Repeat the records below verbatim, and do not copy their pictures.

=== THE INPUT ===

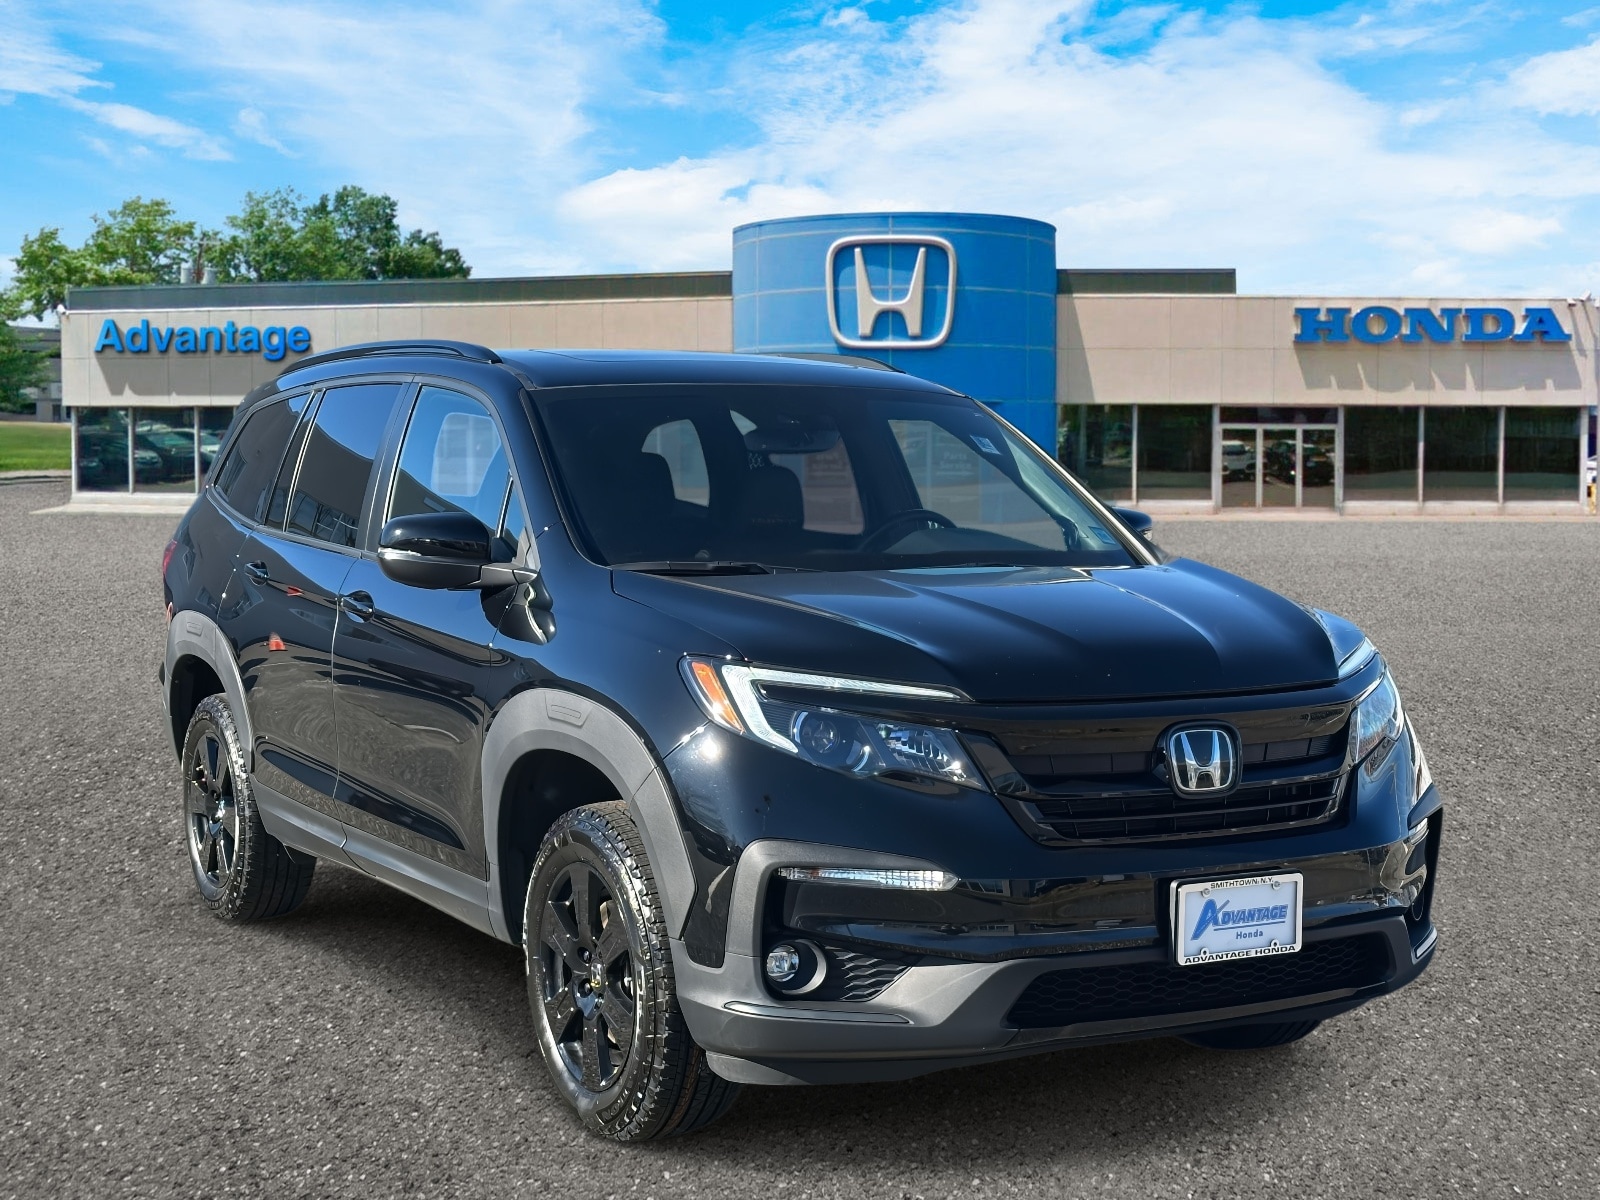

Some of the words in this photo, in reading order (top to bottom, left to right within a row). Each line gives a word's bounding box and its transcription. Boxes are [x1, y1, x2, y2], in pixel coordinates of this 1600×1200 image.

[95, 319, 311, 361] Advantage
[1294, 306, 1572, 343] HONDA
[1191, 898, 1288, 940] ADVANTAGE
[1235, 929, 1264, 940] Honda
[1184, 951, 1252, 964] ADVANTAGE
[1255, 945, 1296, 956] HONDA
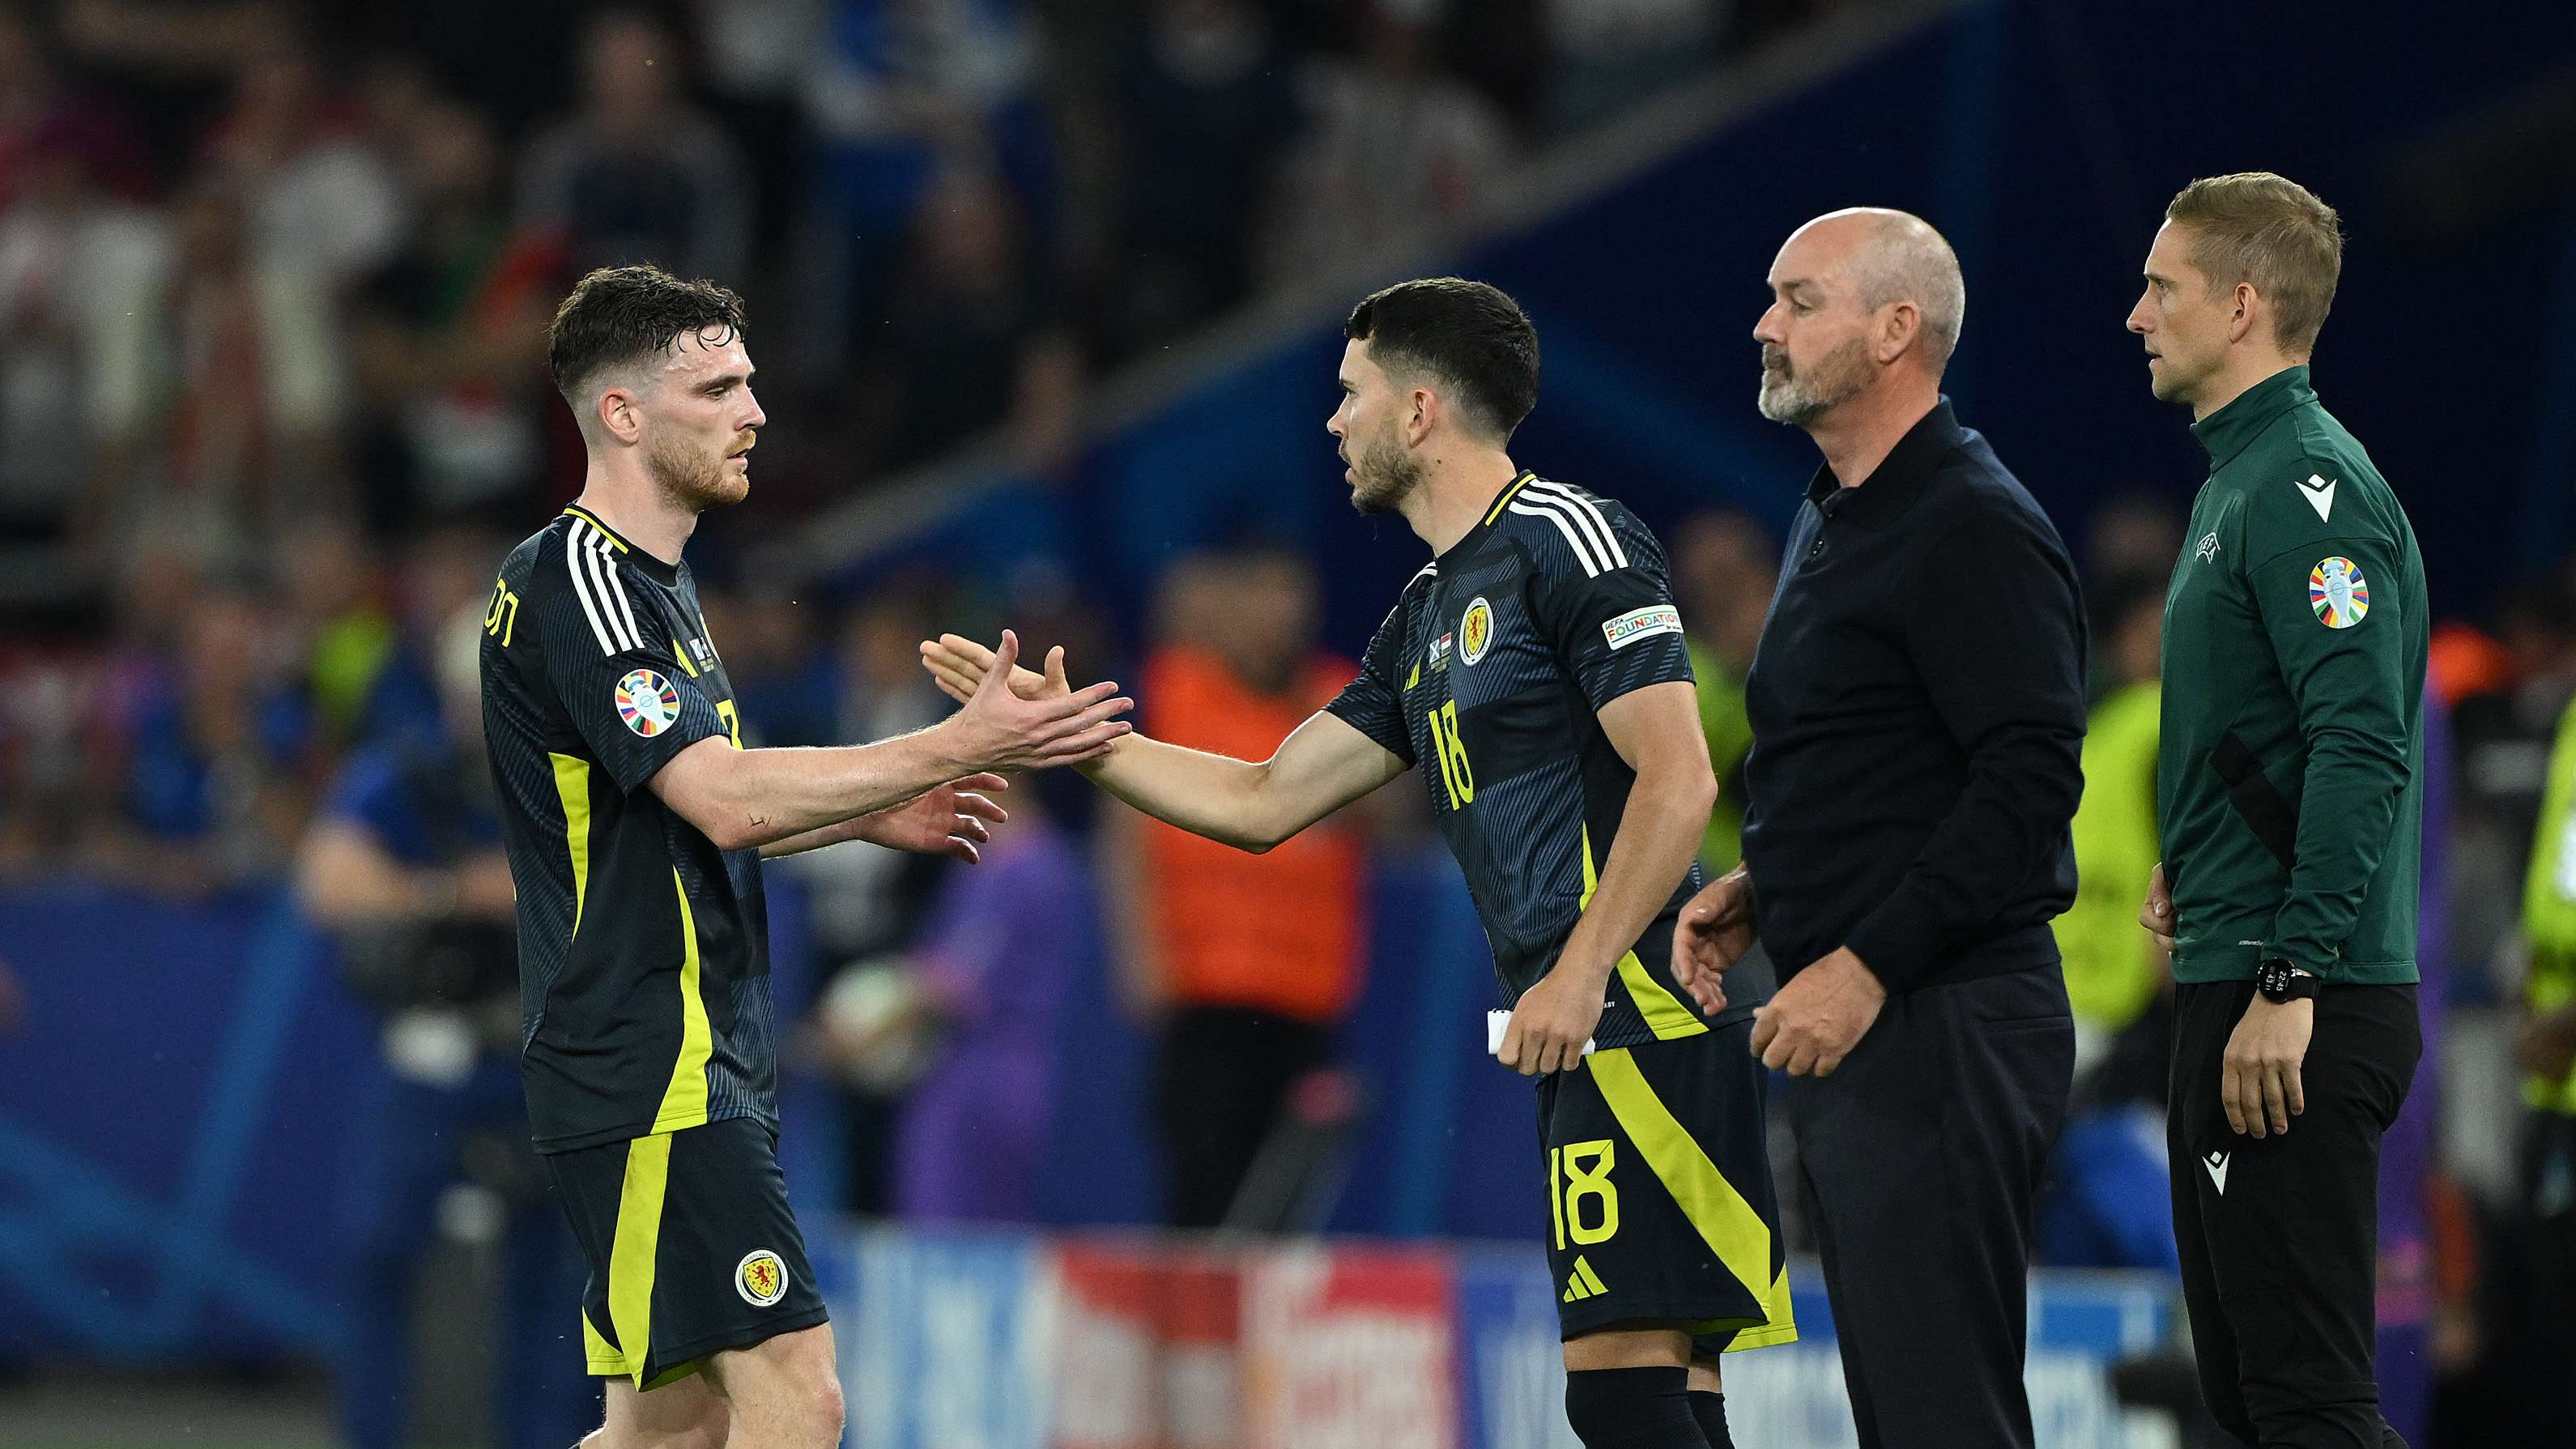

===

WRITTEN ANSWER:
Some of the words in this photo, in reading order (top to bottom, left to right within a row). Each line gives a word's bounding box and its transcription. Boxes are [x1, y1, x2, y2], in pixel coordinates of this 1600×1200 image.

[95, 319, 311, 361] Advantage
[1294, 306, 1572, 343] HONDA
[1191, 898, 1288, 940] ADVANTAGE
[1235, 929, 1264, 940] Honda
[1184, 951, 1252, 964] ADVANTAGE
[1255, 945, 1296, 956] HONDA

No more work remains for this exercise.